Это была одна из самых сильных позиций Роузи — то обстоятельство, что Майка любая могла обвести вокруг пальца и что она об этом знала, а сам он — не знал. Она легонько крутанулась в кресле.
— Должно быть, у него еще не кончился Год Великого Штопора.
— Что у него не кончилось?
— Это Климаксология, — сказала Роузи. — Такая новая наука, которую изобрел Майк. Я многого не могу вам о ней рассказать, во-первых, потому, что я сама не все там поняла, а во-вторых, потому, что обещала не слишком на сей счет распространяться: идея-то в основе своей до довольно простая, вот он и боится, что какой-нибудь гад о ней прослышит и украдет.
Алан пристально смотрел на нее и думал, видимо, о ем-то, совсем не связанном с Климаксологией.
— Суть в том, что жизнь человека поделена на периоды по семь лет каждый, — стала объяснять Роузи, желая убедить Алана хотя бы в том, что она не городит полную чушь. — Через каждые семь лет находится своего рода плато взобравшись на которое, ты чувствуешь уверенность в себе, и все у тебя получается. Потом начинается посте пенное снижение, этакая ведущая вниз кривая, вплоть до наступления Года Великого Штопора; потом ты достигаешь самой нижней точки, начинается Год Великого Подъема, а за ним снова плато, по прошествии очередных семи лет.

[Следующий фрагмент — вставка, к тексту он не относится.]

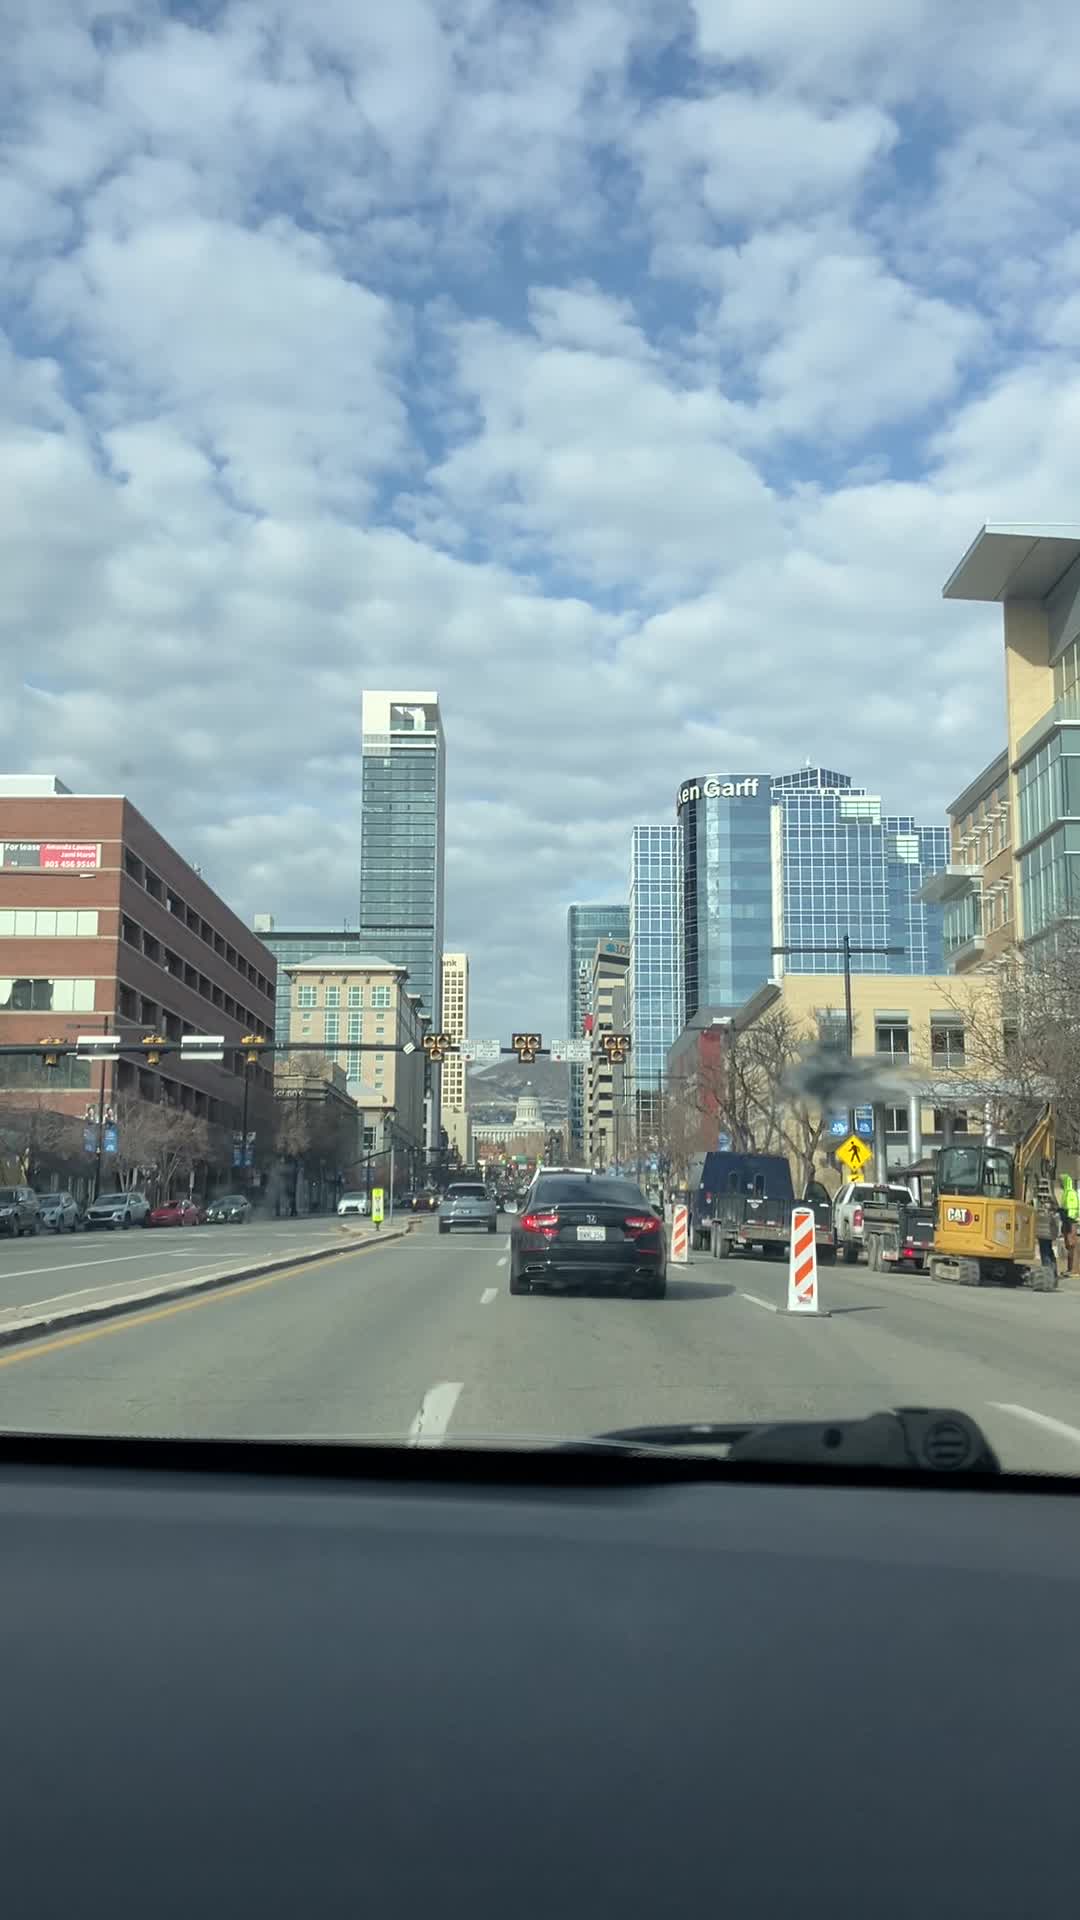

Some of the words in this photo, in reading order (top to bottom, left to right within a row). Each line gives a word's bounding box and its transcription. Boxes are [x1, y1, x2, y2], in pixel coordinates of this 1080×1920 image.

[703, 778, 759, 798] Garff
[45, 860, 59, 868] 801
[76, 860, 96, 868] 9510
[947, 1208, 968, 1223] CAT
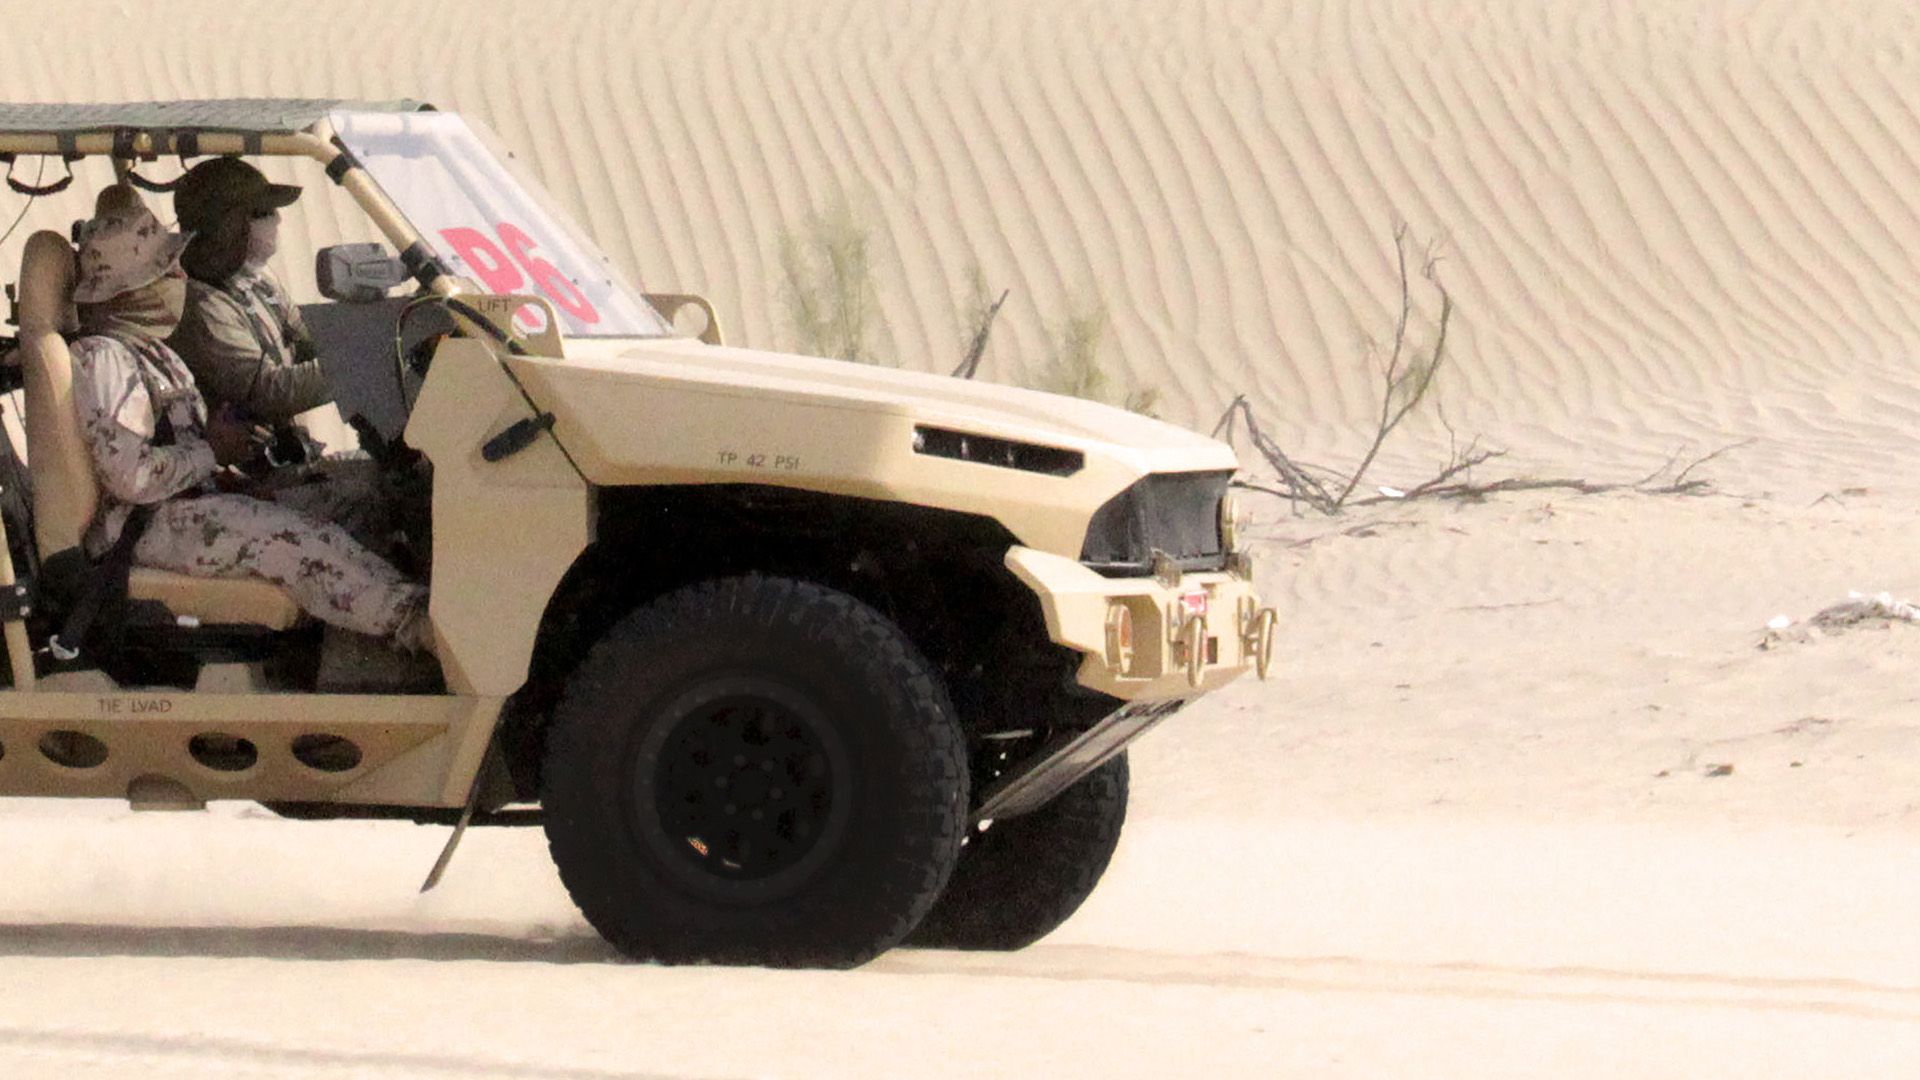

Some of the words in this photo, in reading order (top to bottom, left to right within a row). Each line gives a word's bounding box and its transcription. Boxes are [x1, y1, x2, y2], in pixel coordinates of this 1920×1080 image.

[438, 223, 600, 328] P6
[477, 298, 511, 312] LIFT
[718, 450, 738, 465] TP
[746, 454, 765, 467] 42
[775, 455, 800, 470] PSI
[97, 698, 121, 713] TIE

Все это в психологическом смысле, конечно.
— А-га, — сказал Алан.
— Эта схема и в самом деле по-своему работает, — сказала Роузи. — Даже можно вычертить график.
Она и в самом деле по-своему работала; она описывала жизнь Майка много лучше, чем любую другую из тех жизней, к которым он пробовал ее применить, но Роузи прекрасно помнила, как совпали ее собственные взлеты и падения с той схемой, которую Майк вычертил для нее вскоре после того, как разработал свой Метод, всегда с большой буквы, и даже в устной речи эту большую букву было слышно за километр. Она помнила его возбуждение, похожее на страсть, и как она сама удивленно кивнула головой, зимним вечером много лет тому назад… В горле у нее вдруг перехватило, и буквально из ниоткуда нахлынула жуткая тоска и заволокла глаза слезами, а в горле посадила ком.
— О господи, — сказал Ален. — Только не это.
Она подняла на него глаза; на лице — болезненная гримаса сострадания. И с чувствами своими она успела справиться куда быстрее, чем он.
— Эк меня, — сказала она и хрюкнула носом. — Простите, не знаю, что на меня такое вдруг нашло.
— Так и знал, — простонал Ален. — Господи, жуть какая.
Она рассмеялась, вперемешку с последними спазмами плача.
— Да нет, уже все в порядке, — сказала она. — У вас найдется салфетка?
Он достал коробку с салфетками.
— Валяйте, — сказал он. — Рыдайте в свое удовольствие. Черт-те что.